Although Syed Haris Ahmed was "one step removed from a bomb thrower," he conspired to support terrorism here and abroad, federal prosecutors alleged Monday.

Assistant U.S. attorney Robert McBurney, in opening statements of the former Georgia Tech student's terrorism trial, said Ahmed made casing videos of Washington-area landmarks in April 2005 that wound up in the hands of extremists.

Ahmed also traveled to Pakistan in July 2005 with the intention of joining a military training camp and waging jihad in the mountains of Kashmir, McBurney said, adding that Ahmed never followed through on that plan.

During the Washington trip, Ahmed and Ehsanul Islam Sadequee, who will be tried later, took videos of the security stations at the Capitol, the Energy Department, the World Bank and fuel tanks just outside the city.

Through the videos, Ahmed could tell other like-minded extremists that they were able to gain close access to some of the most sensitive targets in the nation's capital, prosecutors said.

"That's how close we can get," Ahmed was saying according to McBurney. "Look what I can do for you. I can get right up next to the nation's Capitol."

Jack Martin, Ahmed's lawyer, countered that his client never entered into a formal agreement to provide support for terrorists — an essential element of the government's conspiracy charge.

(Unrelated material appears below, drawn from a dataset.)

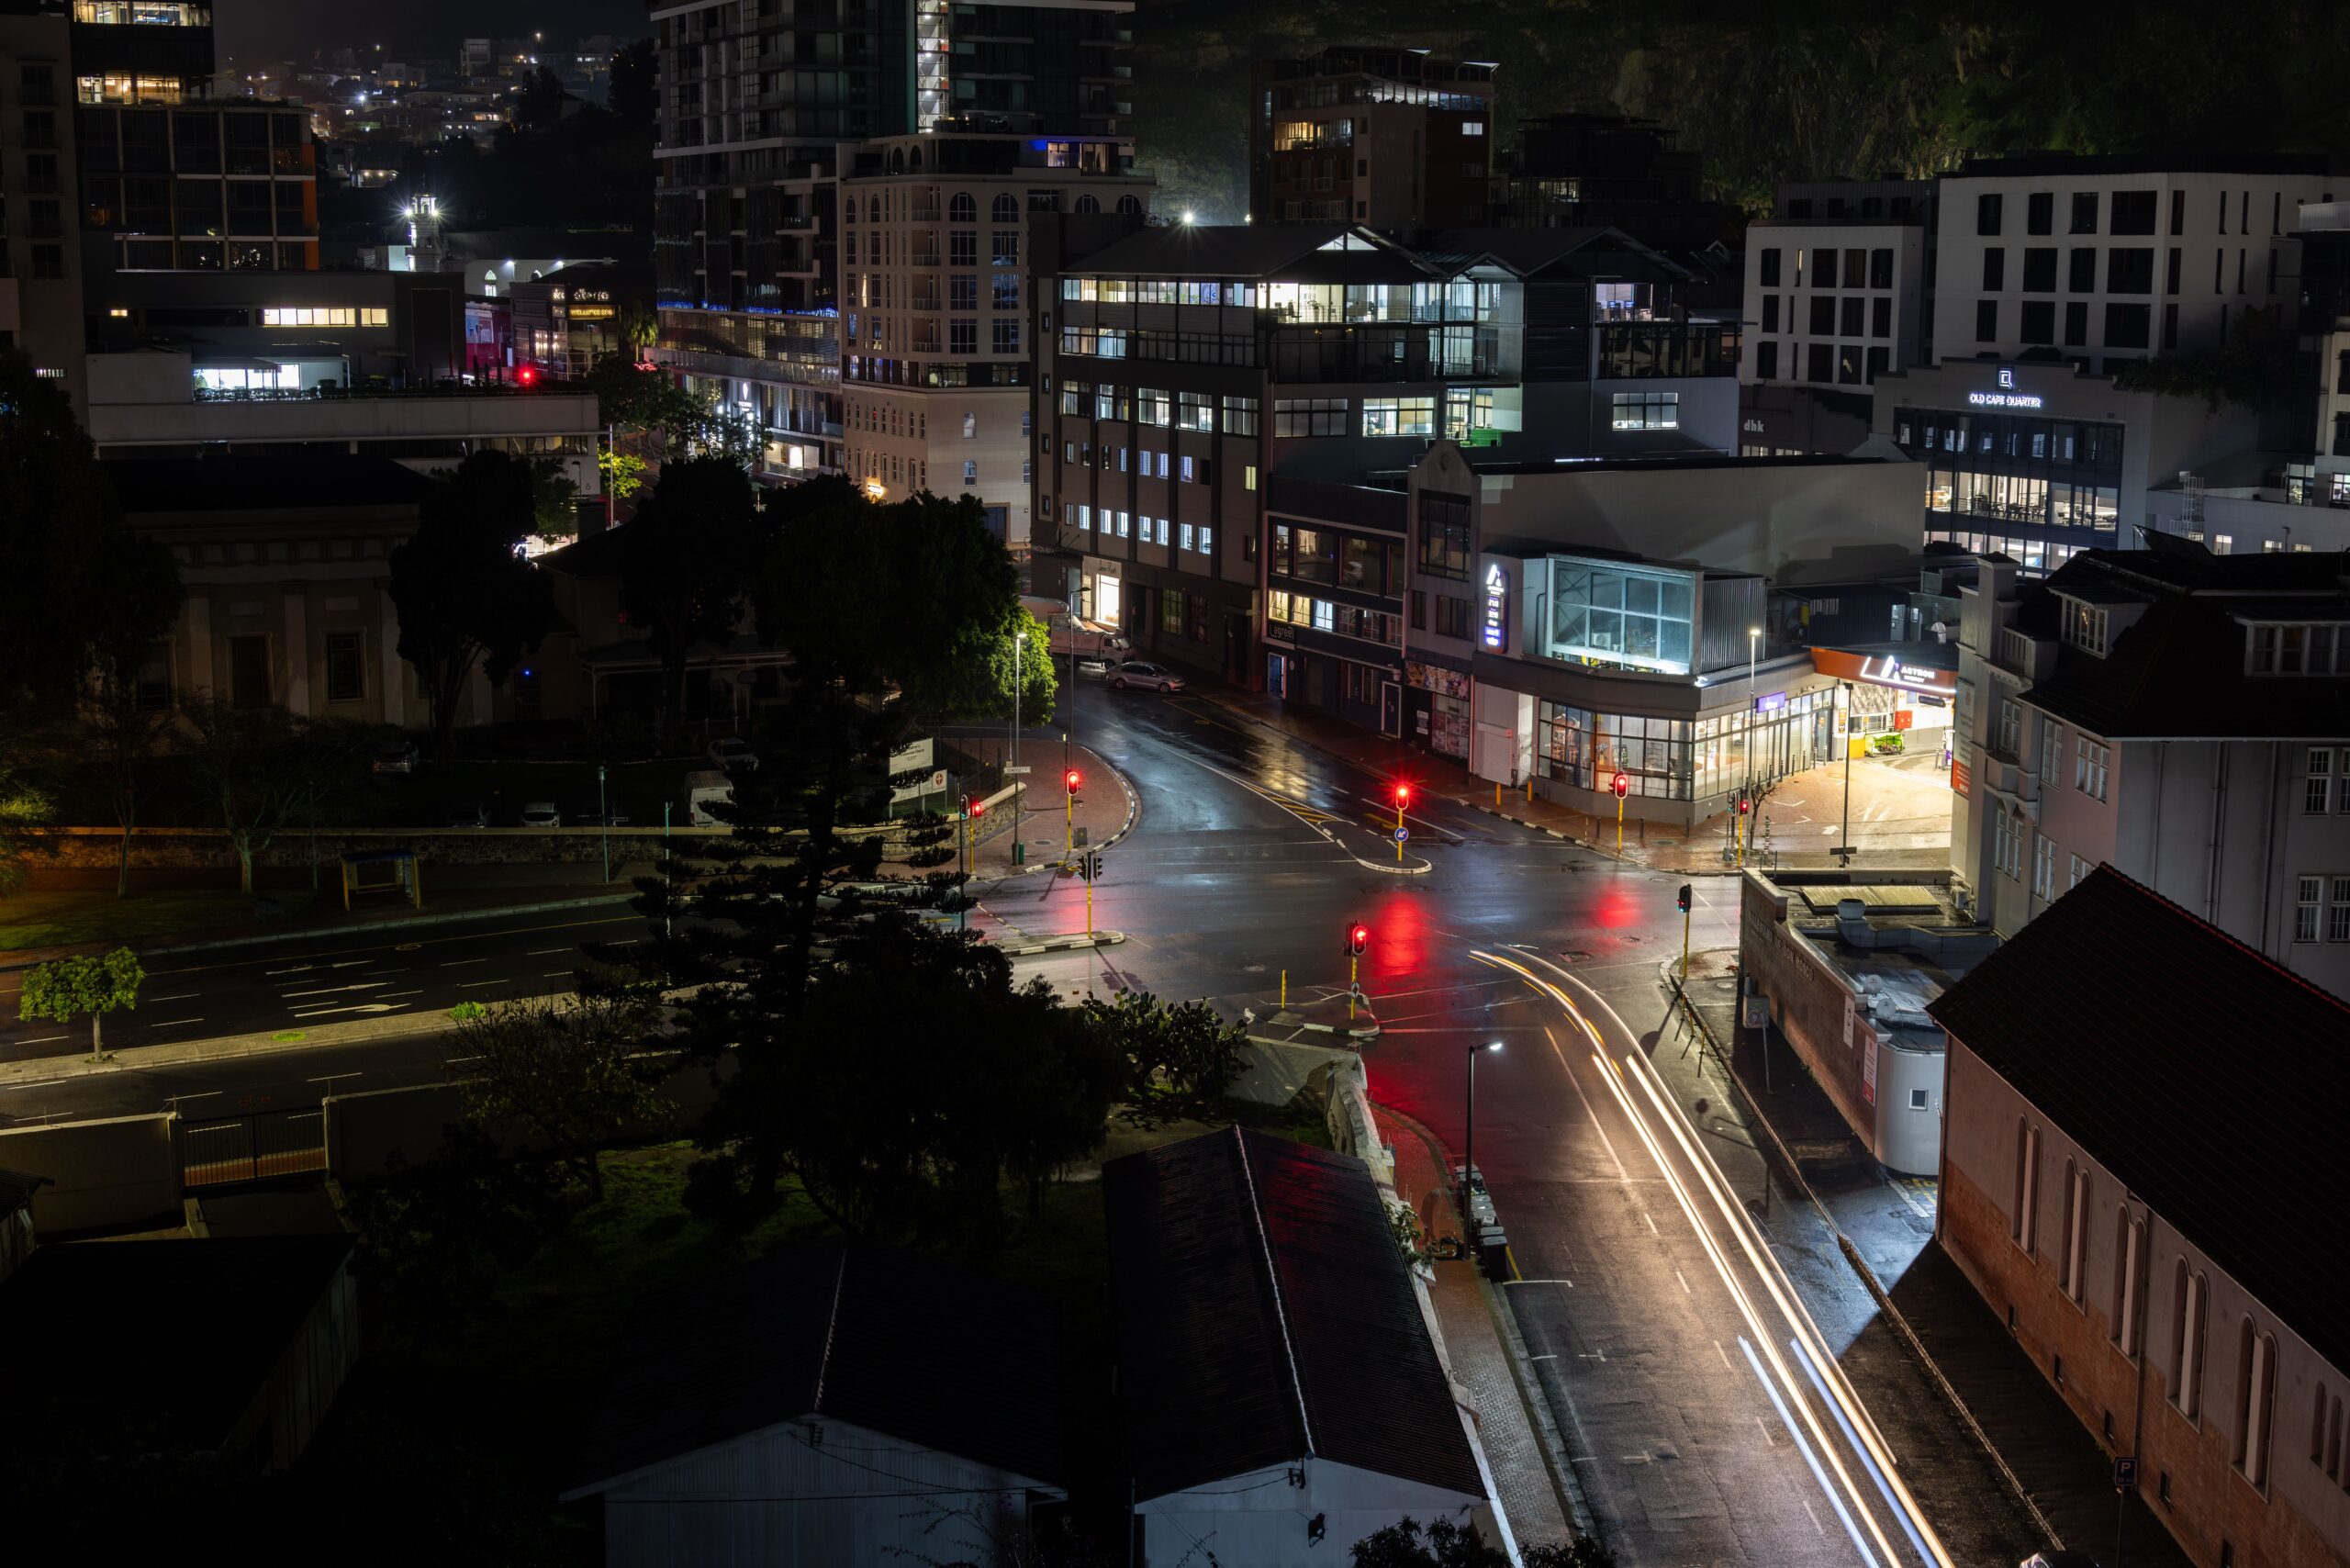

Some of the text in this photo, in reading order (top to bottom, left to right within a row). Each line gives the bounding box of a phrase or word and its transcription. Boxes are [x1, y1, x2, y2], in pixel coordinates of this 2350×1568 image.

"There's no doubt there's a lot of talk about the responsibility to go to jihad," Martin said. But the question is whether Ahmed was having "passing random thoughts, momentary ideas, childish fantasies, unformed incohate notions," he said.

Martin called the videos "silly, amateurish. It was nothing more than a childish act to achieve stature from people abroad."

Ahmed, 24, faces a conspiracy charge of providing support for acts of terrorism in the United States and abroad. U.S. District Judge Bill Duffey is presiding as judge and jury in the trial, expected to last about a week.

Ahmed was arrested in March 2006 after he gave a number of statements to counterterrorism agents. The interviews show an introverted college student who was drawn to Internet sites and chat rooms espousing the annihilation of the enemies of Islam.

Ahmed chose to have a bench trial so he could give a closing argument and deliver "the message of Islam."

If convicted, Ahmed, who already has spent three years in isolation at the federal penitentiary awaiting trial, faces up to 15 years in prison.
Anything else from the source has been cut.